TASK BRIEF:
Each line below needs to be printed again exactly.

Saved entries:
Start of Block
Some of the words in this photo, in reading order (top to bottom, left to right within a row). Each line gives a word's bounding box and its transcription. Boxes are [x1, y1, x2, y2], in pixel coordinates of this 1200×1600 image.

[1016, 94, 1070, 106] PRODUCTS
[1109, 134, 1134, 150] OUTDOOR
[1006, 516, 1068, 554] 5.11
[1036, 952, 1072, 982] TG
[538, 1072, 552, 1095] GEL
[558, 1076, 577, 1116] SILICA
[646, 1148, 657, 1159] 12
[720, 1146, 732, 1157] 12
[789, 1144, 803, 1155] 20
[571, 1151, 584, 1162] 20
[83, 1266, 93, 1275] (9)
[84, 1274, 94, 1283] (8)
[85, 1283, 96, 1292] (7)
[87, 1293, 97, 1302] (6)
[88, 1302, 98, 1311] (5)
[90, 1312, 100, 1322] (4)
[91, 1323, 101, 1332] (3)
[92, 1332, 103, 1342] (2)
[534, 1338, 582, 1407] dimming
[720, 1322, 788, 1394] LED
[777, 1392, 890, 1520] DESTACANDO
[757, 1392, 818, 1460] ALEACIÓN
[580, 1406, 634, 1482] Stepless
End of Block
EXERCISE RESULT:
Some of the words in this photo, in reading order (top to bottom, left to right within a row). Each line gives a word's bounding box and its transcription. Boxes are [x1, y1, x2, y2], in pixel coordinates of this 1200×1600 image.

[1016, 94, 1070, 106] PRODUCTS
[1109, 134, 1134, 150] OUTDOOR
[1006, 516, 1068, 554] 5.11
[1036, 952, 1072, 982] TG
[538, 1072, 552, 1095] GEL
[558, 1076, 577, 1116] SILICA
[646, 1148, 657, 1159] 12
[720, 1146, 732, 1157] 12
[789, 1144, 803, 1155] 20
[571, 1151, 584, 1162] 20
[83, 1266, 93, 1275] (9)
[84, 1274, 94, 1283] (8)
[85, 1283, 96, 1292] (7)
[87, 1293, 97, 1302] (6)
[88, 1302, 98, 1311] (5)
[90, 1312, 100, 1322] (4)
[91, 1323, 101, 1332] (3)
[92, 1332, 103, 1342] (2)
[534, 1338, 582, 1407] dimming
[720, 1322, 788, 1394] LED
[777, 1392, 890, 1520] DESTACANDO
[757, 1392, 818, 1460] ALEACIÓN
[580, 1406, 634, 1482] Stepless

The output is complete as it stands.